··· Input for this task

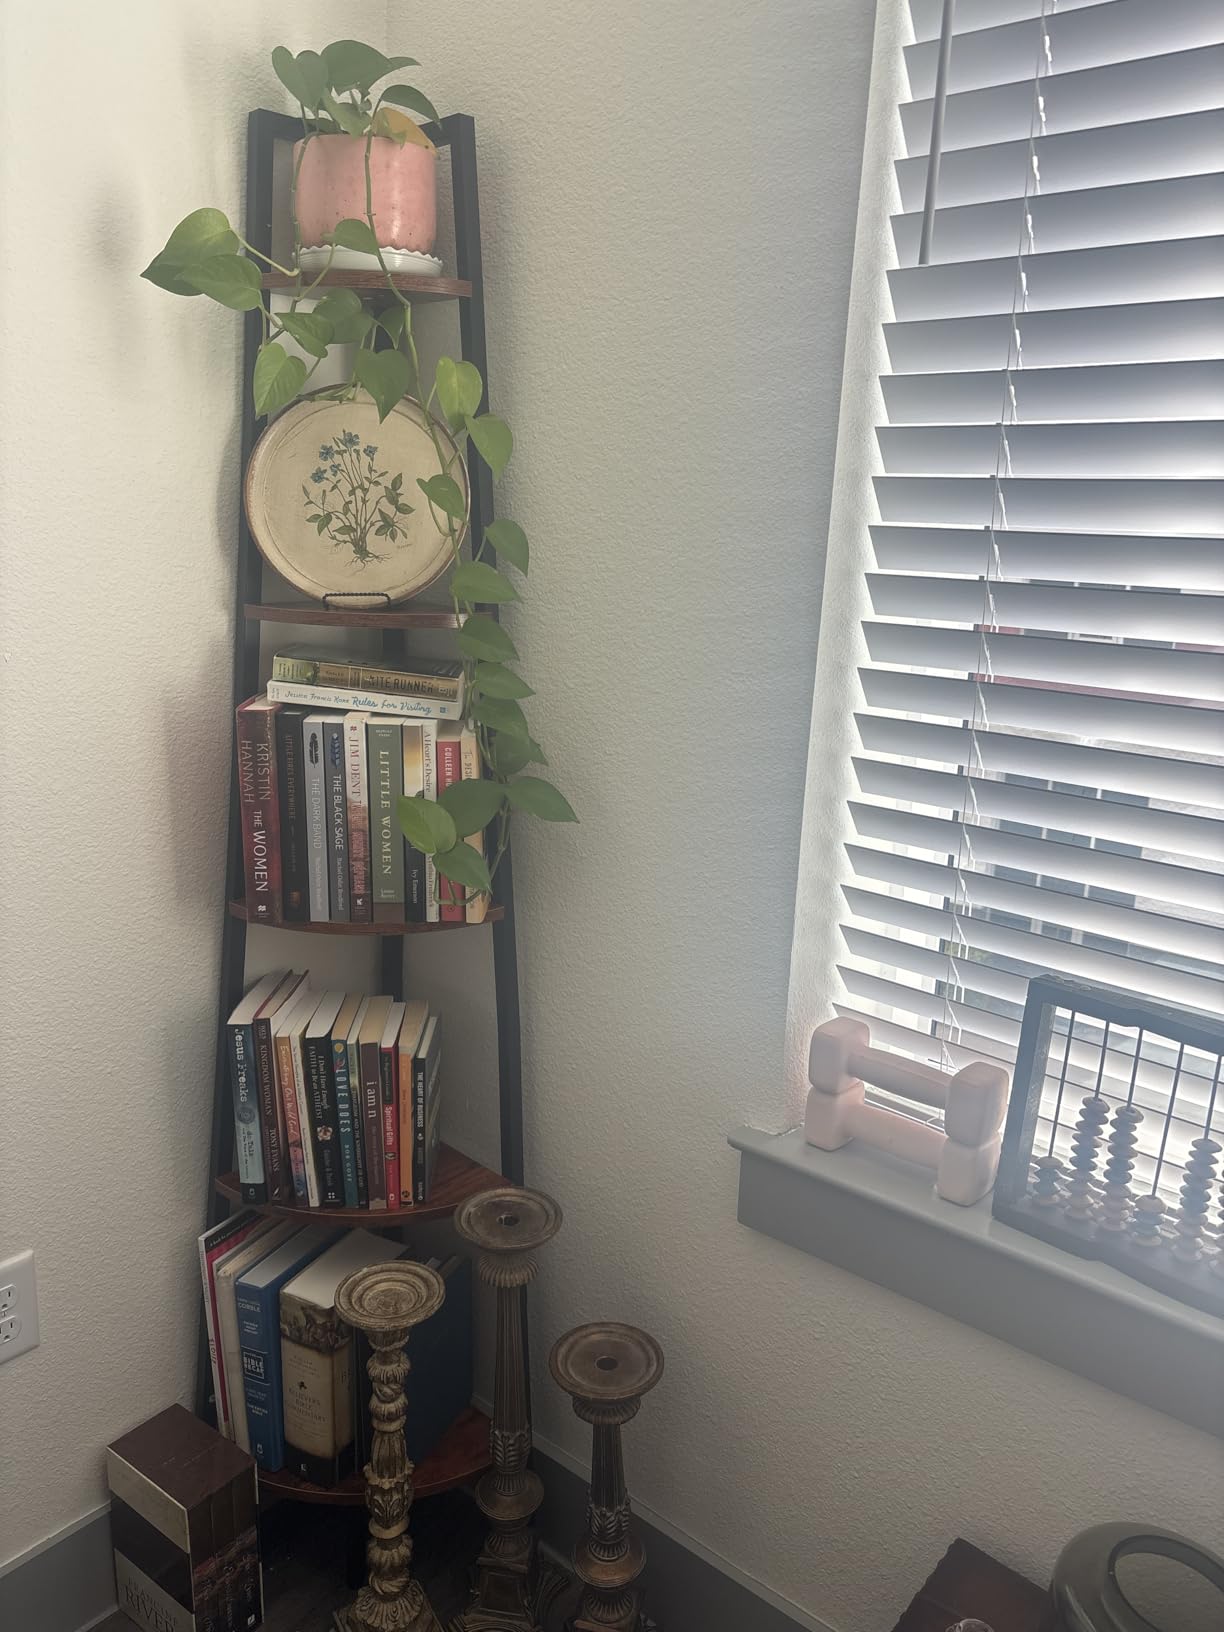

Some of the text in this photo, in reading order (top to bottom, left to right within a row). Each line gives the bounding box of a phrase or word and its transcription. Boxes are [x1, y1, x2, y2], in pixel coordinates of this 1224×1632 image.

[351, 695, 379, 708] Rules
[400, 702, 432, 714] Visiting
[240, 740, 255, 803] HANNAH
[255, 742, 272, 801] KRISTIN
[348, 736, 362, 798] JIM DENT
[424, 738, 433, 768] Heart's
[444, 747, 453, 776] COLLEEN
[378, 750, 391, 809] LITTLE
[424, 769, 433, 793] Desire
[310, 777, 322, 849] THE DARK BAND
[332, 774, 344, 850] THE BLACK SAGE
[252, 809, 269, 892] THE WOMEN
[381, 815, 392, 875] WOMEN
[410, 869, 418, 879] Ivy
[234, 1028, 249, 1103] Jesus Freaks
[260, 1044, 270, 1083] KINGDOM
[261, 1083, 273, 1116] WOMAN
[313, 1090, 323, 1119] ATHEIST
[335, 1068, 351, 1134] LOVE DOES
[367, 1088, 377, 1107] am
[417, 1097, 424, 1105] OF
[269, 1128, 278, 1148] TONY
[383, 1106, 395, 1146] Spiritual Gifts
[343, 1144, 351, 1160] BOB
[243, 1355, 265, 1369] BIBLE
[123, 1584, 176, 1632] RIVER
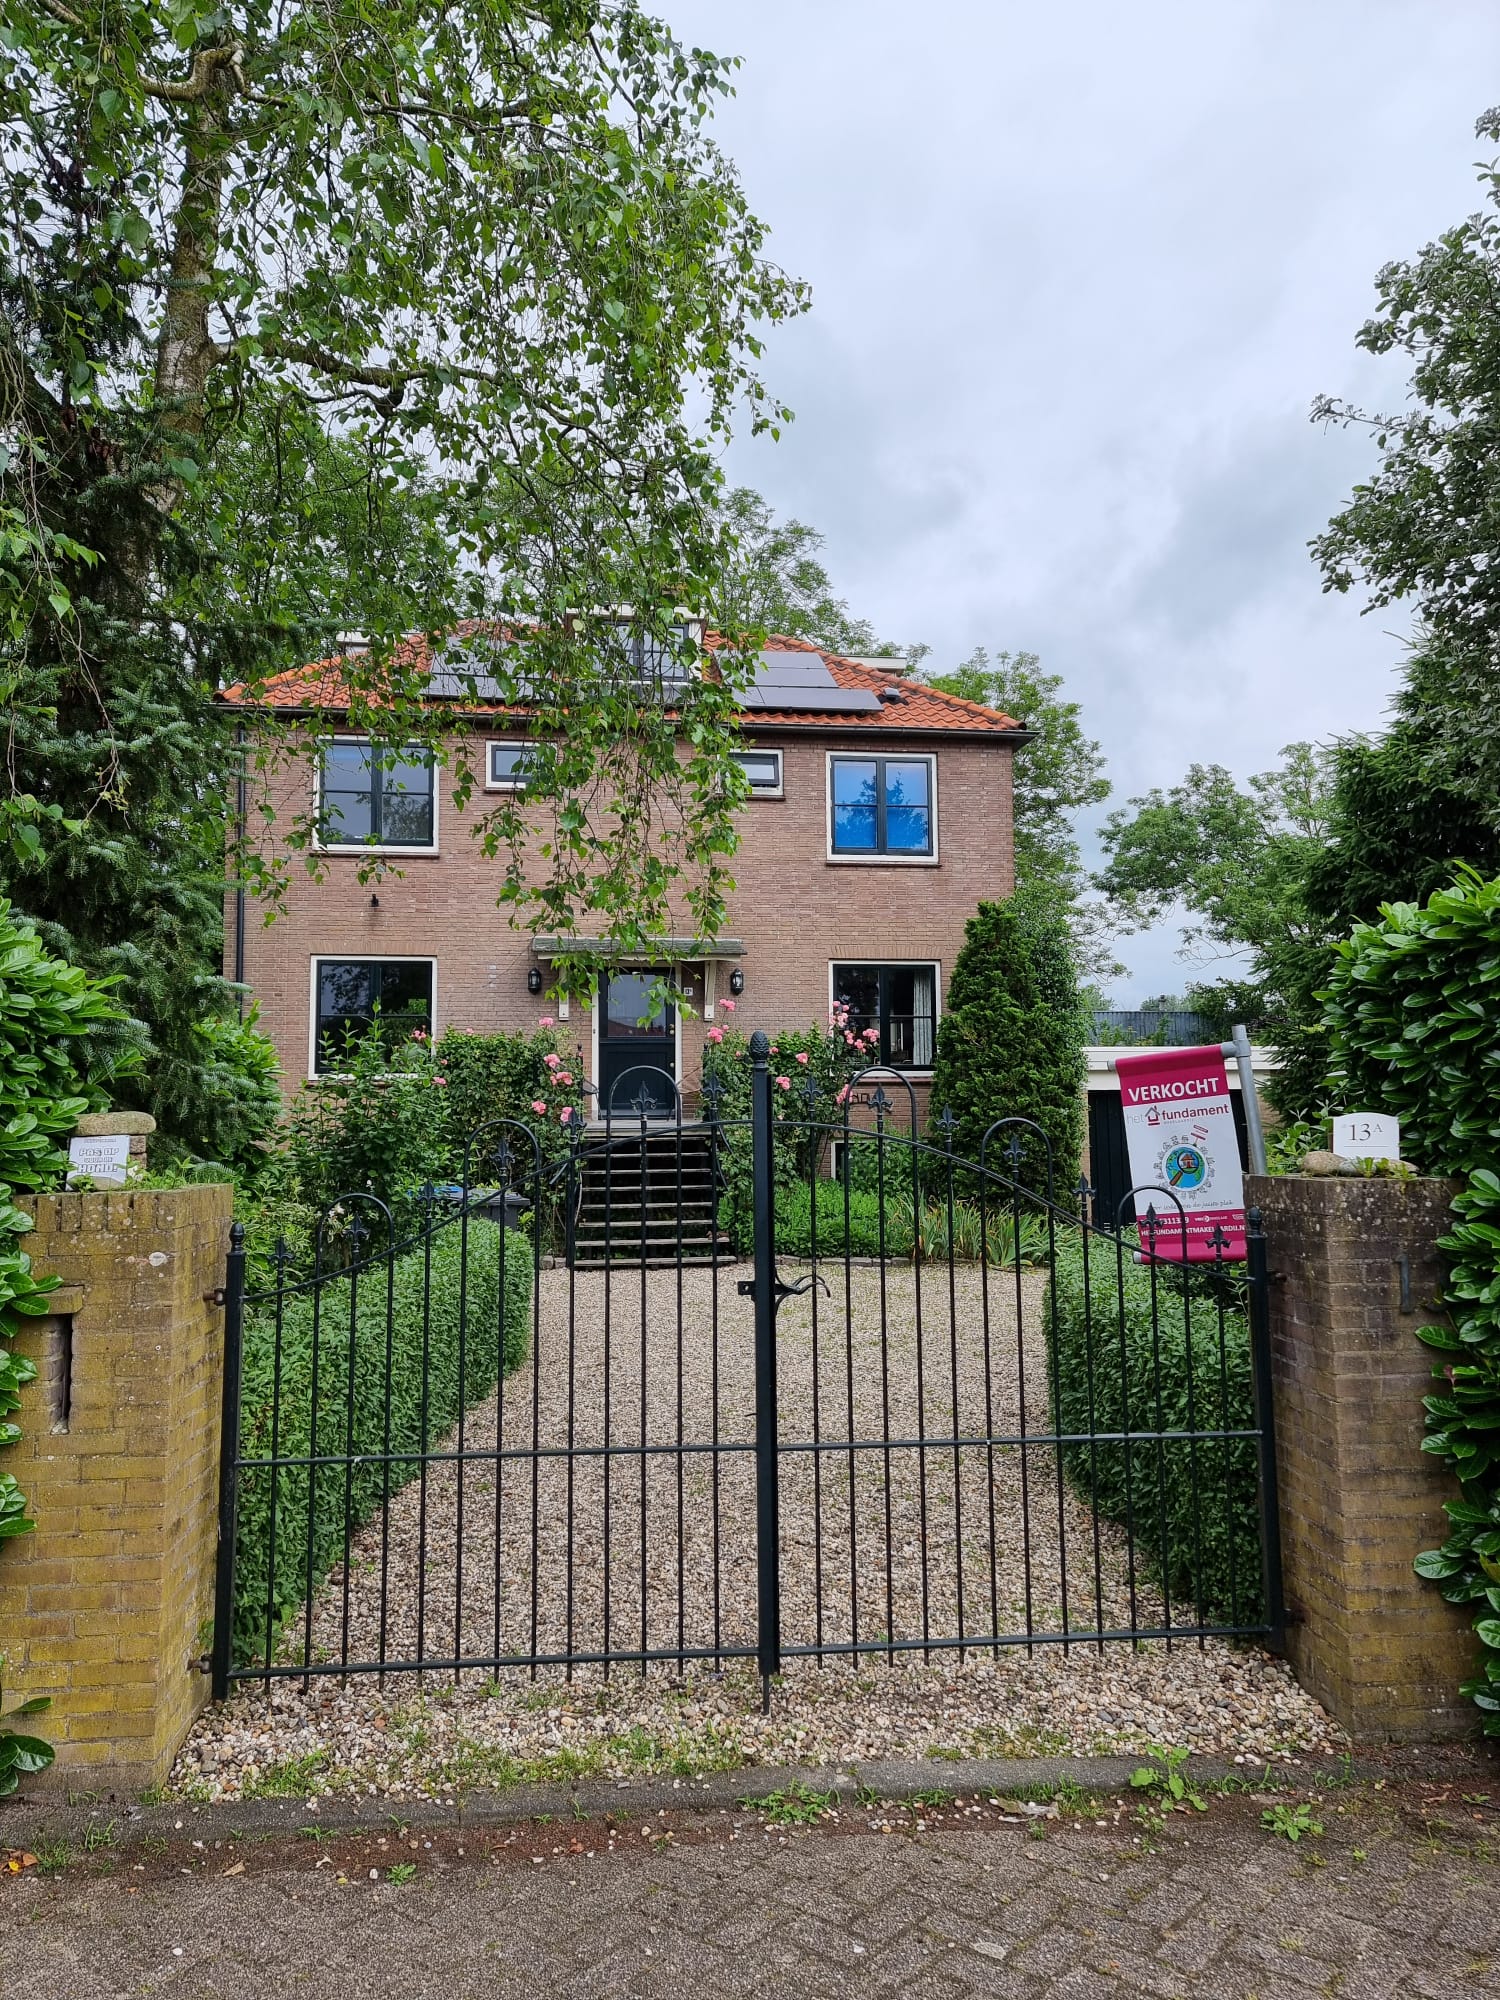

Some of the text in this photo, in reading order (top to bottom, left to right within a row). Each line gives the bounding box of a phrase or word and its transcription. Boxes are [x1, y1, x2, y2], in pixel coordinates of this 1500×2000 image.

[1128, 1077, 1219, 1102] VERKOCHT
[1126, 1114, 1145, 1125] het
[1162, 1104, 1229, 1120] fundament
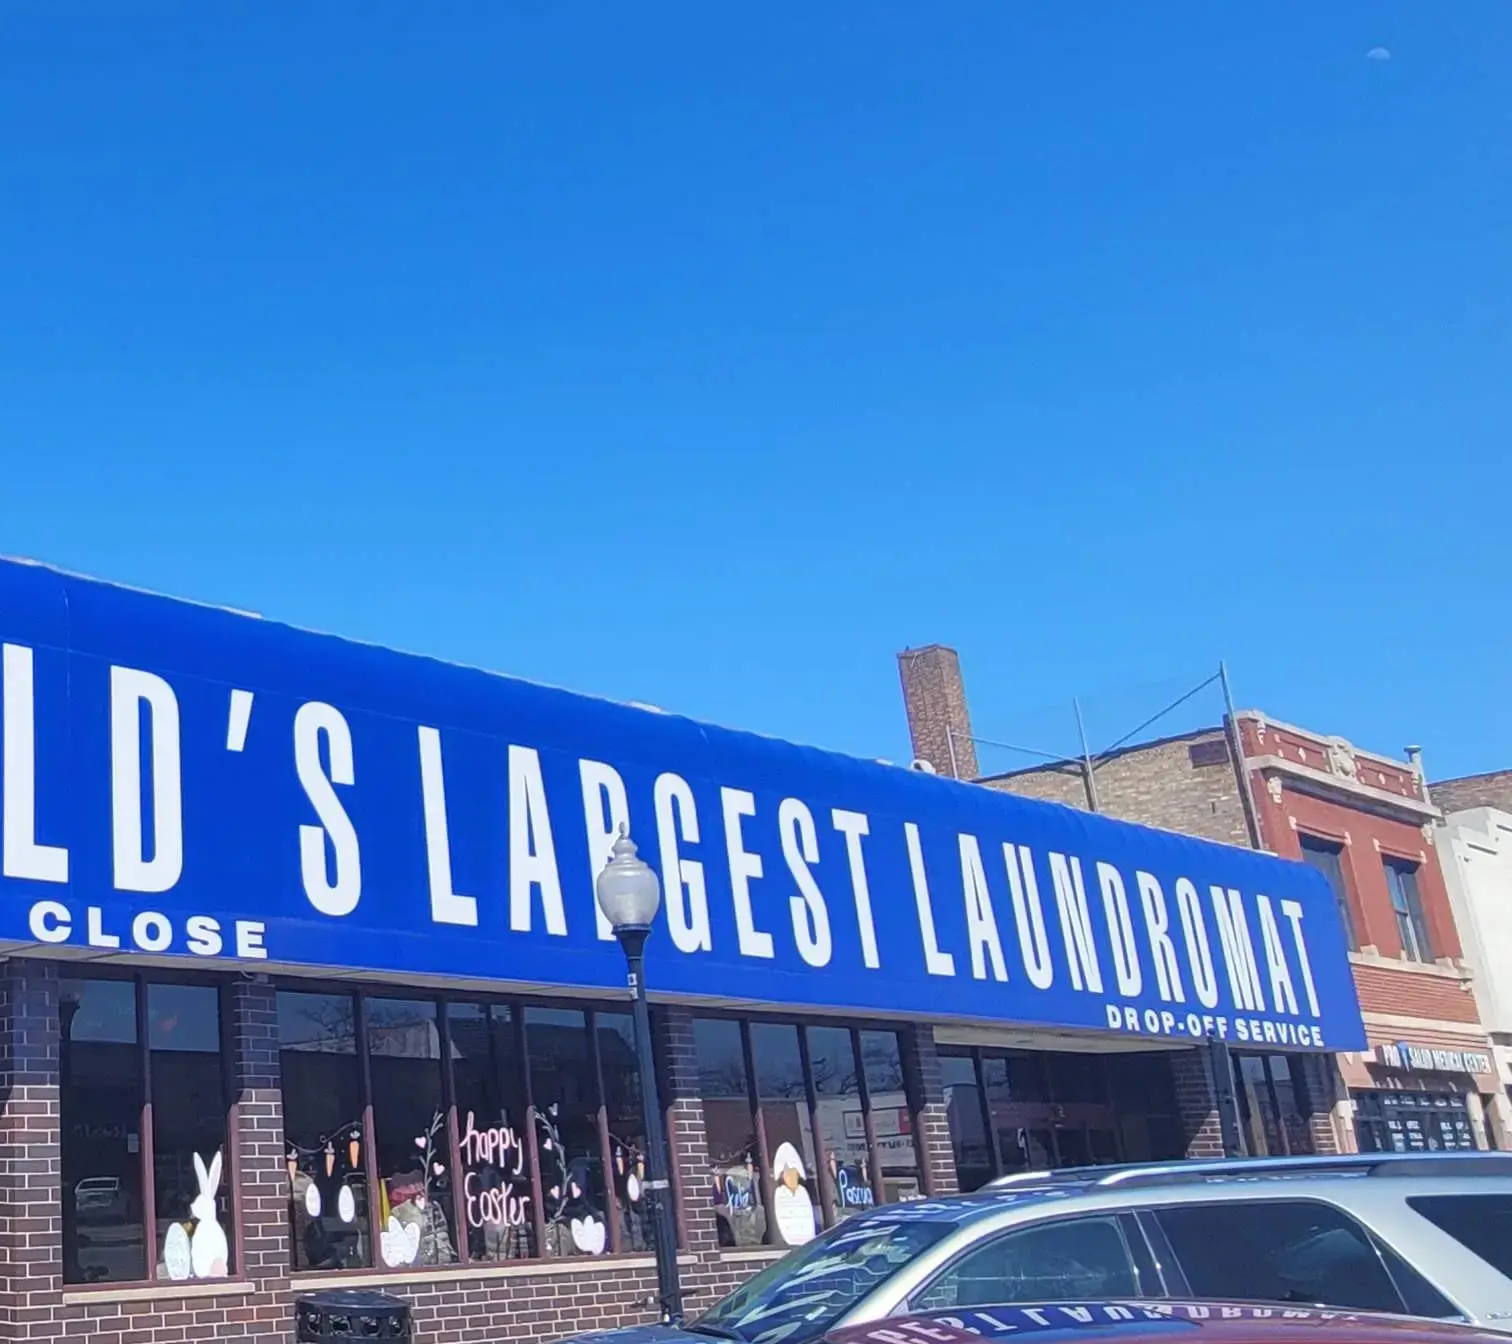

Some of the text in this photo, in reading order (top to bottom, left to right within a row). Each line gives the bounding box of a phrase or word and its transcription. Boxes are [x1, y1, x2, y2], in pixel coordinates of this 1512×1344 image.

······

Work task
Would you copy out the material above exactly, without the pictures in it?

Exercise output
Some of the text in this photo, in reading order (top to bottom, left to right within a row). Each line gives the bounding box of a phrase or word and its transcription. Boxes are [x1, y1, x2, y2], in pixel coordinates of this 1224×1632 image.

[351, 695, 379, 708] Rules
[400, 702, 432, 714] Visiting
[240, 740, 255, 803] HANNAH
[255, 742, 272, 801] KRISTIN
[348, 736, 362, 798] JIM DENT
[424, 738, 433, 768] Heart's
[444, 747, 453, 776] COLLEEN
[378, 750, 391, 809] LITTLE
[424, 769, 433, 793] Desire
[310, 777, 322, 849] THE DARK BAND
[332, 774, 344, 850] THE BLACK SAGE
[252, 809, 269, 892] THE WOMEN
[381, 815, 392, 875] WOMEN
[410, 869, 418, 879] Ivy
[234, 1028, 249, 1103] Jesus Freaks
[260, 1044, 270, 1083] KINGDOM
[261, 1083, 273, 1116] WOMAN
[313, 1090, 323, 1119] ATHEIST
[335, 1068, 351, 1134] LOVE DOES
[367, 1088, 377, 1107] am
[417, 1097, 424, 1105] OF
[269, 1128, 278, 1148] TONY
[383, 1106, 395, 1146] Spiritual Gifts
[343, 1144, 351, 1160] BOB
[243, 1355, 265, 1369] BIBLE
[123, 1584, 176, 1632] RIVER

Some of the text in this photo, in reading order (top to bottom, left to right within a row). Each line gives the bounding box of a phrase or word and its transcription. Boxes are [x1, y1, x2, y2], in pixel coordinates of this 1500×2000 image.

[1128, 1077, 1219, 1102] VERKOCHT
[1126, 1114, 1145, 1125] het
[1162, 1104, 1229, 1120] fundament

Some of the text in this photo, in reading order (top to bottom, left to right within a row). Each line gives the bounding box of a phrase or word and its transcription. Boxes are [x1, y1, x2, y2], in pixel coordinates of this 1512×1344 image.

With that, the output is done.